Remember that, from 2019 to 2022, Mr. Macron said that France would protect 30% of its waters, including 10% “as completely natural” or “strongly protected.” These announcements were celebrated for their ambition and lack of ambiguity. The International Union for  Conservation of Nature (IUCN) had indeed already clarified that a marine area could not be called “protected” if industrial activities (including fishing) were conducted there. According to international definitions, the president’s commitment to protect 30% of France’s marine territory therefore corresponded to the categorical prohibition of industrial extractions and installations. [2] It also meant that the 10% of “strongly protected” areas promised by Mr. Macron automatically corresponded to the higher degree of protection: a full, strict protection, also known as “no-take zones.”

These “strongly” protected areas do not allow any human activity, not even small-scale fishing, and are the most effective way to restore the ocean. Scientists have measured the spectacular recovery of the marine environment when man-made pressures cease. The fish biomass is 670% greater than in unprotected waters. [4] However, today, according to a CNRS study, France protects only 0.09% of its Mediterranean coastline and 0.005% of its Atlantic, Channel and North Sea coastline! [5]

Unfortunately, protecting less than 1% of the ocean is still too much for industry. By lowering the criteria for “strong protection” with the April 12 decree, Mr. Macron chose to side with them rather than with science and citizens.

A decree with disastrous impacts

The decree states that human activities “likely to compromise the conservation of ecological issues” must be “absent, avoided, suppressed or severely limited” while all human activities, not only industrial, should be formally prohibited.

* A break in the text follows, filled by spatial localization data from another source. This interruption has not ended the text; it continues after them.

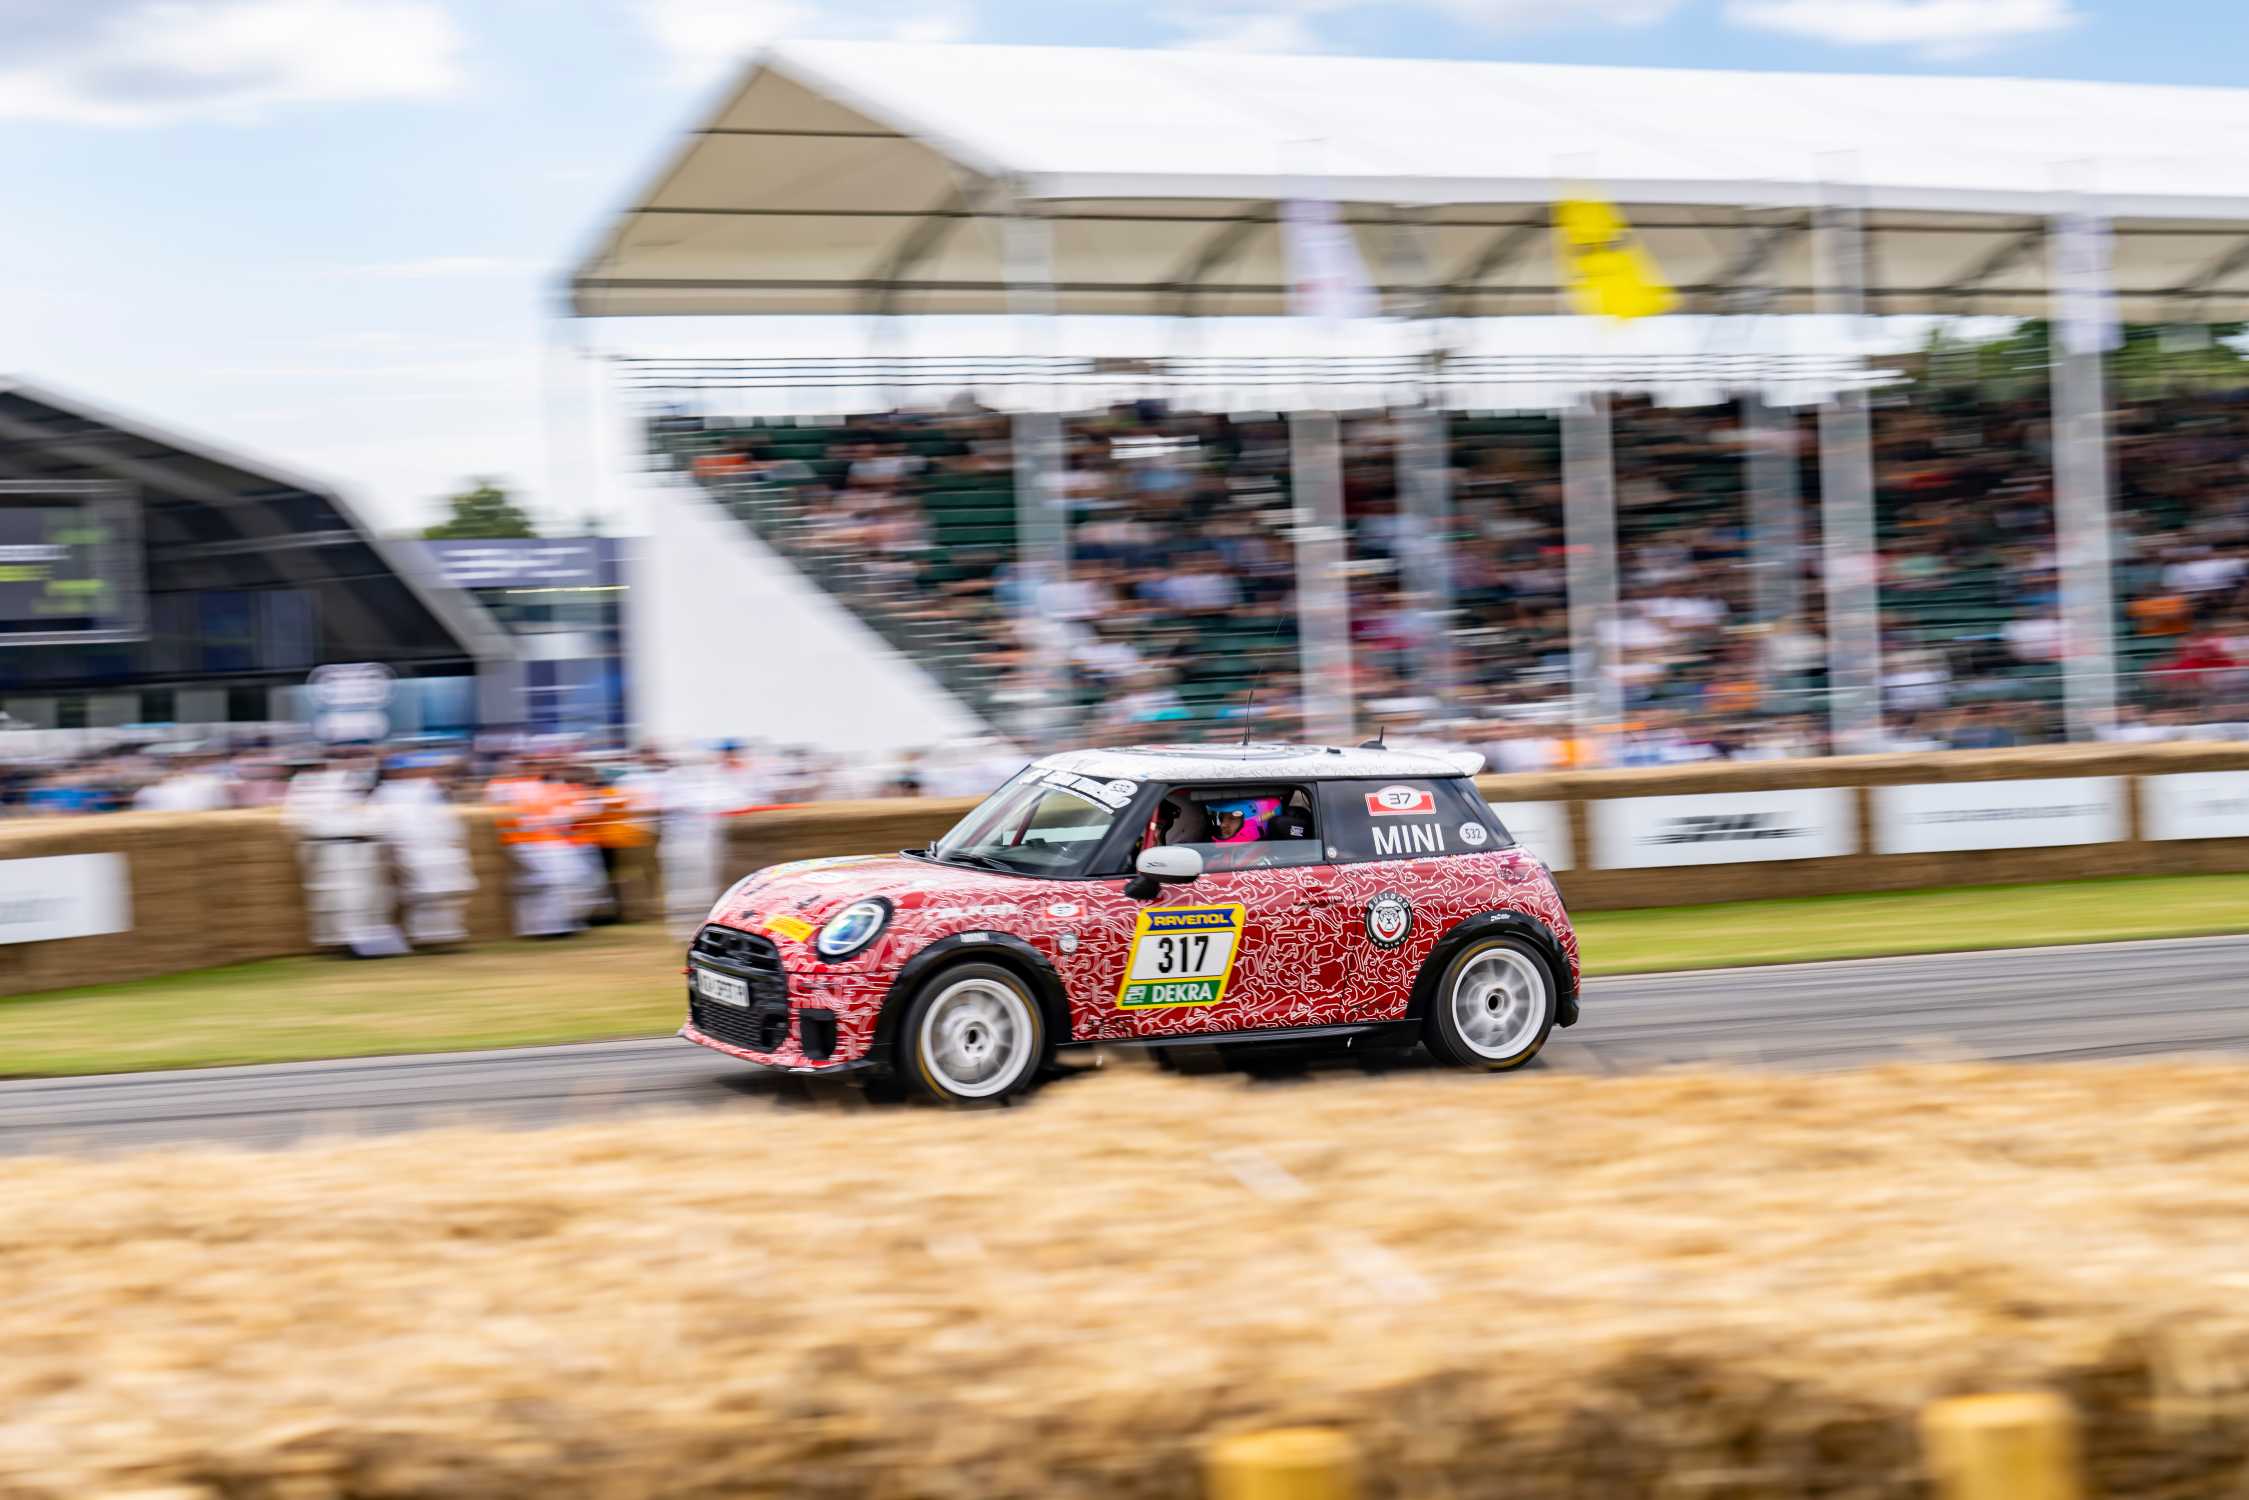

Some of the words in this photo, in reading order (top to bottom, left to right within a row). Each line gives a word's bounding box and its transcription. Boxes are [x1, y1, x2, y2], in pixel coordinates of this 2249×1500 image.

[1388, 792, 1411, 805] 37
[1371, 823, 1445, 856] MINI
[1464, 828, 1482, 840] 532
[1368, 893, 1409, 910] BULLDOG
[1153, 913, 1229, 926] RAVENOL
[1158, 935, 1209, 973] 317
[1151, 982, 1213, 1003] DEKRA

This is a downward shift in all categories of protection, leveling down the definition of the supposedly most ambitious standard. By creating a legal definition that extractive industries can fall back on to continue their anti-environmental activities in supposedly “protected” areas, this decree represents a systemic danger to the ocean. When France, which controls a maritime surface of more than 10 million km2, redefines the concept of protection to its own liking, it takes responsibility for destroying the environmental ambition of other nations and the European Union. At a time when the Intergovernmental Panel on Climate Change (IPCC) is urging us to take immediate action to protect the climate and biodiversity, and when States are preparing to boost their objectives’ ambitions so that 30% of the ocean is protected by 2030, the effects of this decree are potentially disastrous. That’s why Bloom is filing a lawsuit against the government’s decree.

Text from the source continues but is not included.